## Problem statement
What you return must match the records below character for character, except that no picture appears.

BEGIN

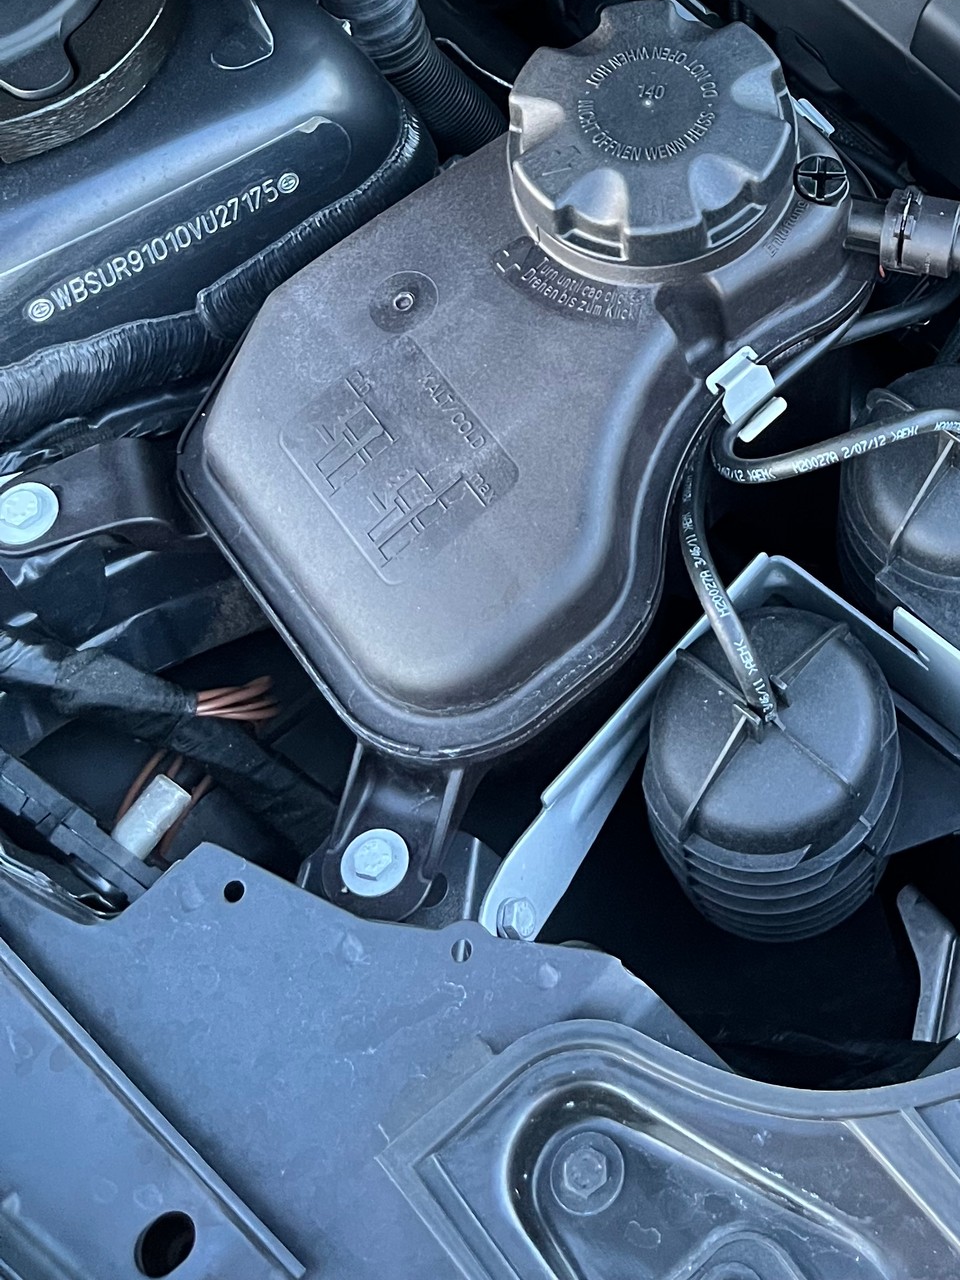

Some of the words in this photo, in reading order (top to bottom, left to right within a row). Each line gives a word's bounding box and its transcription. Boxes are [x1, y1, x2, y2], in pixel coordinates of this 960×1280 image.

[607, 46, 649, 70] WHEN
[651, 46, 687, 65] OPEN
[683, 59, 712, 82] NOT
[585, 64, 612, 89] HOT
[700, 81, 718, 98] DO
[577, 99, 601, 133] NICHT
[644, 137, 687, 161] WENN
[683, 111, 715, 144] HEISS
[51, 178, 279, 311] WBSUR91010VU27175
[520, 268, 559, 300] Drehen
[557, 289, 578, 307] bis
[576, 300, 603, 316] zum
[536, 256, 559, 277] Turn
[557, 275, 584, 293] until
[581, 285, 603, 304] cap
[791, 453, 840, 475] M20027A
[841, 434, 887, 459] 2/07/12
[700, 570, 731, 618] M20027A
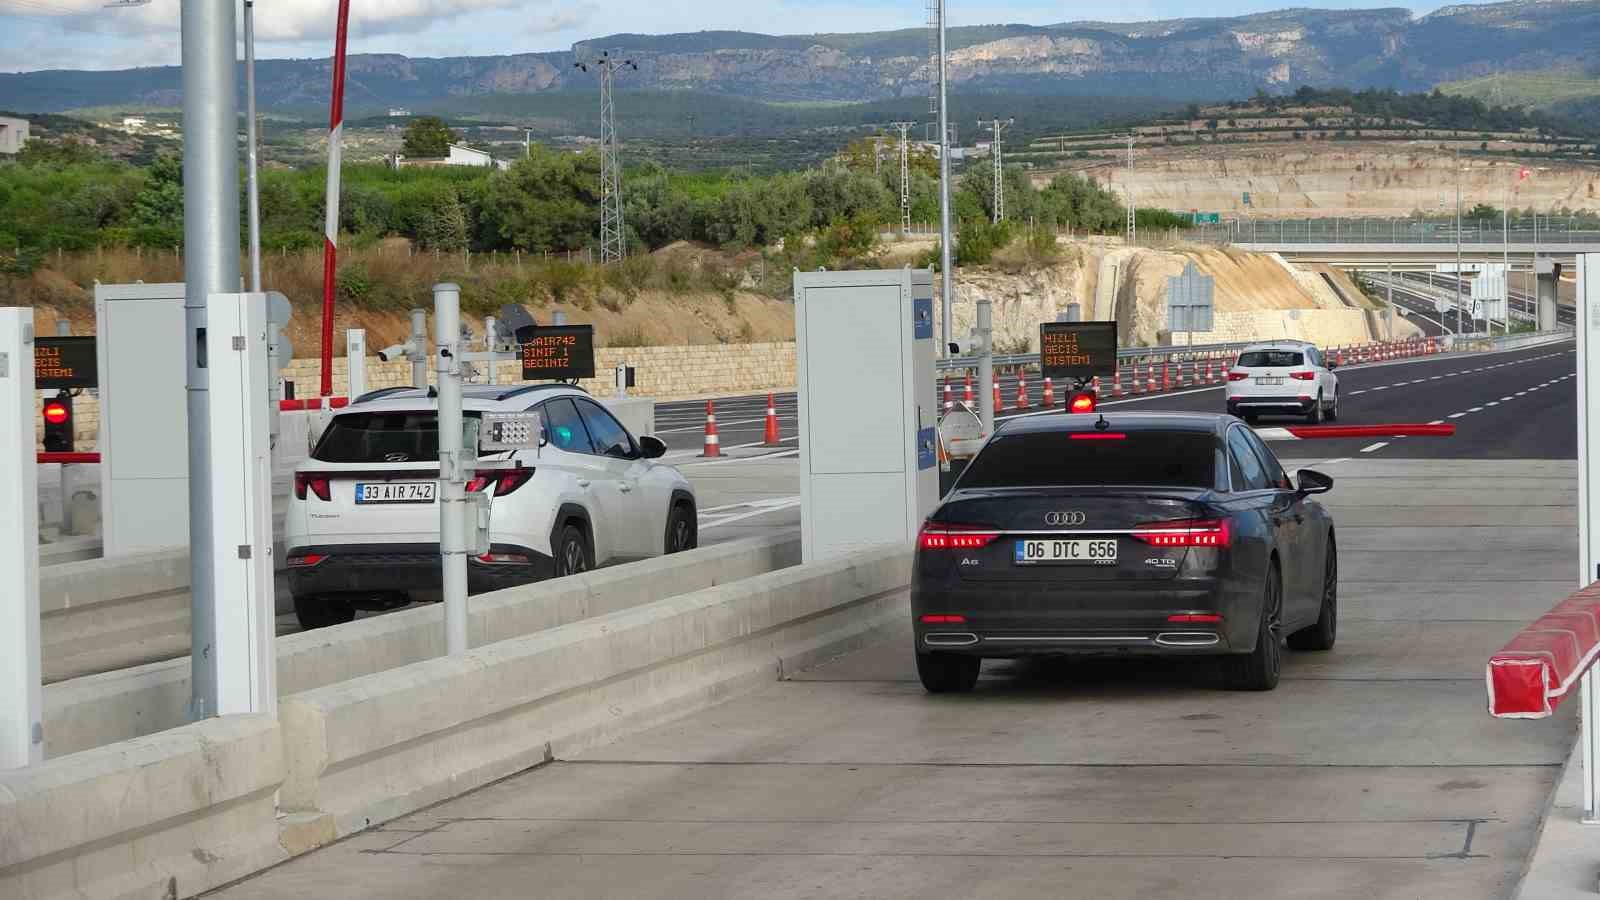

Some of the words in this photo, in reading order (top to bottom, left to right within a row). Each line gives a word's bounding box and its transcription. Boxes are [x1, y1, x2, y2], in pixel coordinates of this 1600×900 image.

[1044, 333, 1077, 343] HIZLI
[35, 347, 60, 357] IZLI
[524, 347, 556, 358] SINIF
[563, 347, 569, 357] 1
[35, 358, 62, 368] ECIS
[35, 368, 73, 378] ISTEMI
[365, 486, 379, 499] 33
[384, 486, 405, 498] AIR
[409, 485, 431, 498] 742
[1027, 542, 1045, 557] 06
[1053, 542, 1080, 557] DTC
[1089, 542, 1116, 557] 656
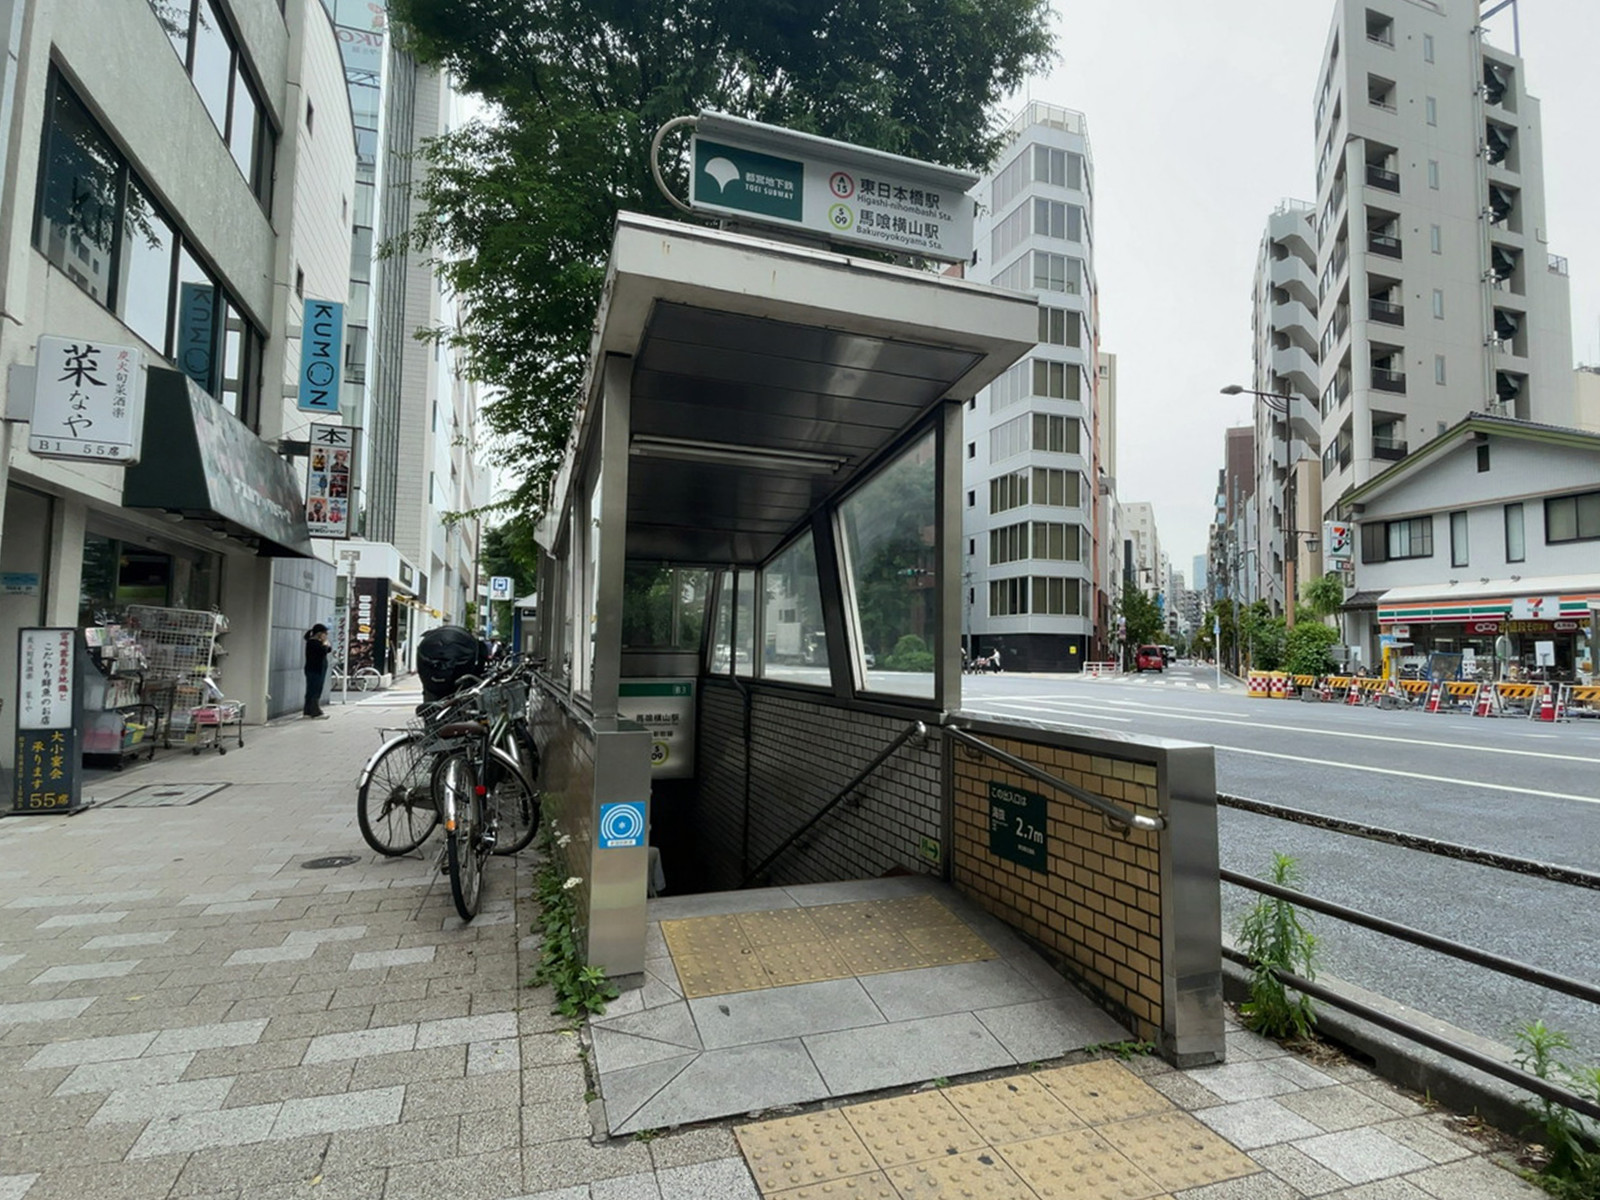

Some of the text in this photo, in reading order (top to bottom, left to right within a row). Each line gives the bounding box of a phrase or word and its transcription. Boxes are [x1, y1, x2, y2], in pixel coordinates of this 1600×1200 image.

[745, 183, 794, 200] TOEI SUBWAY
[836, 184, 848, 194] 15
[838, 176, 846, 185] A
[859, 178, 940, 209] 東日本橋駅
[834, 215, 848, 225] 09
[838, 207, 845, 216] S
[857, 194, 955, 222] Higashi-nihombashi Sta.
[859, 208, 940, 239] 馬喰横山駅
[856, 225, 944, 250] Bakuroyokoyama Sta.
[306, 304, 335, 406] KUMON
[57, 344, 108, 438] 菜なや
[39, 440, 119, 457] B1 55席
[317, 428, 347, 447] 本
[31, 741, 46, 790] 承ります
[50, 731, 65, 780] 大小宴会
[1015, 816, 1044, 845] 2.7m

END

## Solution
Some of the words in this photo, in reading order (top to bottom, left to right within a row). Each line gives a word's bounding box and its transcription. Boxes are [x1, y1, x2, y2], in pixel coordinates of this 960×1280 image.

[607, 46, 649, 70] WHEN
[651, 46, 687, 65] OPEN
[683, 59, 712, 82] NOT
[585, 64, 612, 89] HOT
[700, 81, 718, 98] DO
[577, 99, 601, 133] NICHT
[644, 137, 687, 161] WENN
[683, 111, 715, 144] HEISS
[51, 178, 279, 311] WBSUR91010VU27175
[520, 268, 559, 300] Drehen
[557, 289, 578, 307] bis
[576, 300, 603, 316] zum
[536, 256, 559, 277] Turn
[557, 275, 584, 293] until
[581, 285, 603, 304] cap
[791, 453, 840, 475] M20027A
[841, 434, 887, 459] 2/07/12
[700, 570, 731, 618] M20027A

Some of the words in this photo, in reading order (top to bottom, left to right within a row). Each line gives a word's bounding box and its transcription. Boxes are [x1, y1, x2, y2], in pixel coordinates of this 1600×900 image.

[1044, 333, 1077, 343] HIZLI
[35, 347, 60, 357] IZLI
[524, 347, 556, 358] SINIF
[563, 347, 569, 357] 1
[35, 358, 62, 368] ECIS
[35, 368, 73, 378] ISTEMI
[365, 486, 379, 499] 33
[384, 486, 405, 498] AIR
[409, 485, 431, 498] 742
[1027, 542, 1045, 557] 06
[1053, 542, 1080, 557] DTC
[1089, 542, 1116, 557] 656

Some of the text in this photo, in reading order (top to bottom, left to right within a row). Each line gives the bounding box of a phrase or word and its transcription. Boxes are [x1, y1, x2, y2], in pixel coordinates of this 1600×1200 image.

[745, 183, 794, 200] TOEI SUBWAY
[836, 184, 848, 194] 15
[838, 176, 846, 185] A
[859, 178, 940, 209] 東日本橋駅
[834, 215, 848, 225] 09
[838, 207, 845, 216] S
[857, 194, 955, 222] Higashi-nihombashi Sta.
[859, 208, 940, 239] 馬喰横山駅
[856, 225, 944, 250] Bakuroyokoyama Sta.
[306, 304, 335, 406] KUMON
[57, 344, 108, 438] 菜なや
[39, 440, 119, 457] B1 55席
[317, 428, 347, 447] 本
[31, 741, 46, 790] 承ります
[50, 731, 65, 780] 大小宴会
[1015, 816, 1044, 845] 2.7m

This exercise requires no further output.